Woher kommt eigentlich das Gefühl der Sehnsucht, wie entsteht sie? Hat es was mit Mangel zu tun, den wir empfinden und den wir füllen möchten oder ist es etwas ganz anderes, was in uns zieht und nicht Ruhe gibt? Wir kennen die Sehnsucht nach ein paar Stunden Zeit alleine, nach einem Partner*in oder einem Platz in der Natur, wo wir uns und vielleicht auch Gott ganz nahe fühlen können und manchmal spüren wir Sehnsucht als ganz große Kraft, als ganz großen Sog, den wir nicht erklären können. Die Sehnsucht zieht in die Zukunft und in die Vergangenheit zugleich. Sie hält uns den Spiegel des Noch-Nicht-Seins, des Noch-Nicht-Habens vor und stellt uns Fragen, nach unserem Jetzt und Warum.
Die meisten von uns haben irgendwann einmal eine Sehnsucht in sich wahrgenommen.

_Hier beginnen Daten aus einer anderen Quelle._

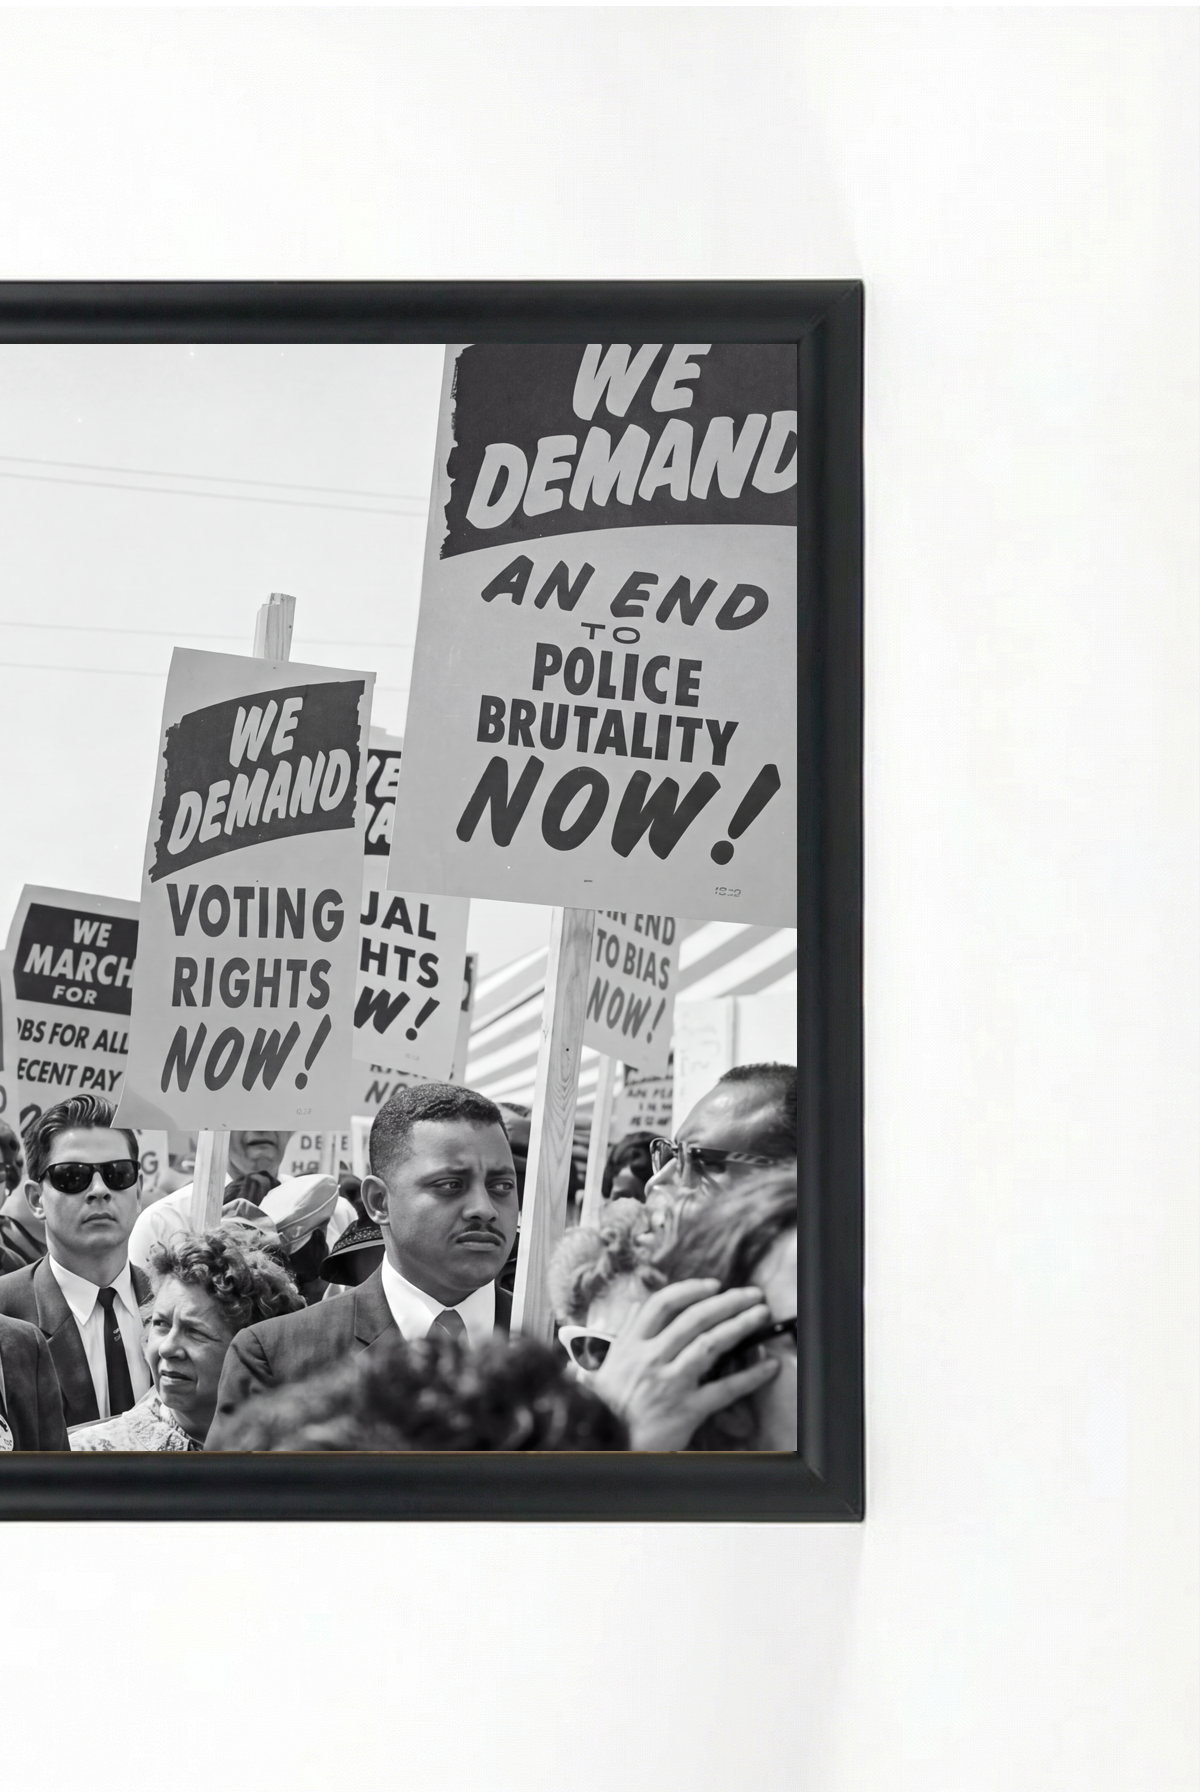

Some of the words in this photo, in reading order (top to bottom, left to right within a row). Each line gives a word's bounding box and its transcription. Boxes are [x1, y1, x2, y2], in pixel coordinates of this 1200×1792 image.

[572, 343, 711, 421] WE
[465, 410, 797, 529] DEMAND
[481, 555, 596, 611] AN
[610, 571, 769, 631] END
[580, 623, 640, 645] TO
[531, 642, 702, 708] POLICE
[229, 697, 303, 768] WE
[476, 695, 739, 766] BRUTALITY
[167, 748, 351, 855] DEMAND
[456, 755, 781, 866] NOW!
[73, 918, 112, 948] WE
[166, 884, 345, 943] VOTING
[634, 913, 676, 946] END
[23, 943, 136, 989] MARCH
[171, 956, 331, 1010] RIGHTS
[596, 928, 620, 968] TO
[622, 941, 671, 991] BIAS
[52, 985, 98, 1004] FOR
[586, 976, 666, 1044] NOW!
[48, 1022, 90, 1049] FOR
[96, 1029, 129, 1055] ALL
[160, 1014, 332, 1092] NOW!
[78, 1066, 123, 1092] PAY

Oftmals geschieht das, wenn wir plötzlich mit der Endlichkeit konfrontiert werden, in Umbruchsituationen stehen, Vertrautes loslassen müssen. Sehnsucht ist nicht einfach immer da, sondern braucht die Leere, die Stille, das Nachsinnen. Immer dann, wenn die Zeit ihren Raum in uns aufspannen kann, scheint die Sehnsucht auf der Schwelle zu unserem Inneren zu stehen und anzuklopfen. Lassen wir sie ein, erzählt sie uns etwas über uns selbst und den Traum einer längst vergangenen Zeit, der etwas wirklich Bedeutungsvolles verheißt, das in die Zukunft weist, einen Bogen spannt.
Ich glaube, es ist wichtig, sich mit der eigenen Sehnsucht zu beschäftigen, weil sie die Gegenspielerin zur Angst ist, bedeutungslos zu sein und eben auch so zu sterben. Ein erfülltes, bedeutungsvolles Leben ist kein Selbstläufer. Das wissen die Menschen zu berichten, die schwerstkranke und sterbende Menschen begleiten. In den letzten Stunden, wenn das Leben an einem vorbeizieht, tritt schmerzlich zu Tage, wie wir unser Leben gelebt haben und ob es in unseren Augen Sinn gemacht hat. Und gerade da zeigt sich der wirkliche Gehalt unseres irdenen Strebens. War es rein materiell motiviert oder zu was hat es geführt und welchem Ziel hat es gedient? Viele Stunden der Arbeit, der Plackerei für wen und was war es letztlich relevant? Interessant ist, dass Sterbende oft bereuen, dass sie den Menschen, die sie lieben, nicht genug Zeit und Aufmerksamkeit gewidmet zu haben. Dass Menschen zur Selbstverständlichkeit wurden, ohne zu reflektieren und sich bewusst zu sein, dass die gemeinsame Zeit endlich ist und die Möglichkeiten, einander Liebe zu zeigen, begrenzt sind.
"Lehre uns bedenken, dass wir streben werden, auf dass wir klug werden" heißt es in der Bibel. Ich möchte dir und mir deshalb zwei Fragen stellen, die in die eigene Sehnsucht führen können:
Stell dir vor, du schaust auf ein erfülltes Leben zurück. Was möchtest du darin finden, was hat sich darin verwirklicht?
Und eine zweite Frage: Stell dir vor, du lebst so weiter wie bisher, wie wirst du sterben?
Ich wünsche dir und mir ein erfülltes, wesentliches, bedeutungsvolles Leben!